> **Try it**
Return only the lines starting at the line that contains "this 1334×1500 image." and ending with the final line of the listing; include both endpoints.

-------- Material supplied --------

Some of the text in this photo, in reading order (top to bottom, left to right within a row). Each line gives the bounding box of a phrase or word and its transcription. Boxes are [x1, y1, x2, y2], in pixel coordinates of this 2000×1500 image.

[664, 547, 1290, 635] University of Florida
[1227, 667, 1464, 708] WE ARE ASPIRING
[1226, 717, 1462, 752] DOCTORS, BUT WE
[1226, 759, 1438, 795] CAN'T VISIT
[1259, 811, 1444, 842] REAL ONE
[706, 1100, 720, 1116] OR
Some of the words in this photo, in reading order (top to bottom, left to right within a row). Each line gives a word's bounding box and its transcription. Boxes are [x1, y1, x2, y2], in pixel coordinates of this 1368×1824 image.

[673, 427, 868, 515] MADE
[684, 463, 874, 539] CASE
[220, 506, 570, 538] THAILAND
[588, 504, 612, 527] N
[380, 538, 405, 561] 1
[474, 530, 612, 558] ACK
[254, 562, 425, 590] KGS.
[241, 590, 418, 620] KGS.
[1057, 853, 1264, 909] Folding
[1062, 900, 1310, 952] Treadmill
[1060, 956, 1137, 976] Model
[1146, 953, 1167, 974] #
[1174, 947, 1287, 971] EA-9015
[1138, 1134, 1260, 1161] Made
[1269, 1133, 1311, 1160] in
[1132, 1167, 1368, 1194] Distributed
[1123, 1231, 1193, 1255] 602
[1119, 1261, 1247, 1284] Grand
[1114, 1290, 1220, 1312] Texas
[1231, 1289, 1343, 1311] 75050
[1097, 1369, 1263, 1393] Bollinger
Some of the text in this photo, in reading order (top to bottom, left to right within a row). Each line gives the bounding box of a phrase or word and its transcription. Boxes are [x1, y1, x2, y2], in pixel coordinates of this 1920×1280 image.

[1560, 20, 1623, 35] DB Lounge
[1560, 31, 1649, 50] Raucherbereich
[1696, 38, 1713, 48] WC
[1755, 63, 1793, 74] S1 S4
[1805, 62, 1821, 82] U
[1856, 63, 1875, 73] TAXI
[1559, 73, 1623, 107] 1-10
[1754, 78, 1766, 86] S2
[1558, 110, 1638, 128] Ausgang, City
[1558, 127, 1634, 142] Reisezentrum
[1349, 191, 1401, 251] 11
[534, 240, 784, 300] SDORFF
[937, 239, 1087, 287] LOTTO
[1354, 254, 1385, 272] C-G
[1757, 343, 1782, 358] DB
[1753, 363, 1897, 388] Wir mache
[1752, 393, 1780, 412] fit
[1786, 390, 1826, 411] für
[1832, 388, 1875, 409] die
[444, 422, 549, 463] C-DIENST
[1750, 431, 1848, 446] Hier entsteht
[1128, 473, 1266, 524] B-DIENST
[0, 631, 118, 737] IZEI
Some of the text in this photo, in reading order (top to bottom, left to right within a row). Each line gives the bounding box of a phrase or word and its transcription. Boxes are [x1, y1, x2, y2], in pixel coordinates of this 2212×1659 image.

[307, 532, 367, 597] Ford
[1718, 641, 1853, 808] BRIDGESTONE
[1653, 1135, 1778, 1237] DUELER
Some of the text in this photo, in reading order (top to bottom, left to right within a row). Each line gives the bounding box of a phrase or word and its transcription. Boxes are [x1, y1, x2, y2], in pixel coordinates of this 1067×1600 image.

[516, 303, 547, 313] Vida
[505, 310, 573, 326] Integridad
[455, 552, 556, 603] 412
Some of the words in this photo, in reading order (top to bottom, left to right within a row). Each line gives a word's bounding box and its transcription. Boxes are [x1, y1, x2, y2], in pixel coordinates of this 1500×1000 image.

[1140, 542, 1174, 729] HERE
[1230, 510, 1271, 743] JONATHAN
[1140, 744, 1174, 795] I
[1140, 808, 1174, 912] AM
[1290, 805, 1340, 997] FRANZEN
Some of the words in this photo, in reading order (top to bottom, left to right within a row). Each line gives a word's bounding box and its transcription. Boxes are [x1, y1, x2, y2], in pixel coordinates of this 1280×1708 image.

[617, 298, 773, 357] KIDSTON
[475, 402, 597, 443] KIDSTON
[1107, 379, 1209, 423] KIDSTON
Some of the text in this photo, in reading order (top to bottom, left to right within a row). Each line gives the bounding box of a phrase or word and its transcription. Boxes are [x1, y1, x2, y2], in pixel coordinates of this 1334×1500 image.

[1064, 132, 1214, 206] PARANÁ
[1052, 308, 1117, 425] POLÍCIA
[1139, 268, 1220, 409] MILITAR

--------

> **Response for this exercise**
Some of the text in this photo, in reading order (top to bottom, left to right within a row). Each line gives the bounding box of a phrase or word and its transcription. Boxes are [x1, y1, x2, y2], in pixel coordinates of this 1334×1500 image.

[1064, 132, 1214, 206] PARANÁ
[1052, 308, 1117, 425] POLÍCIA
[1139, 268, 1220, 409] MILITAR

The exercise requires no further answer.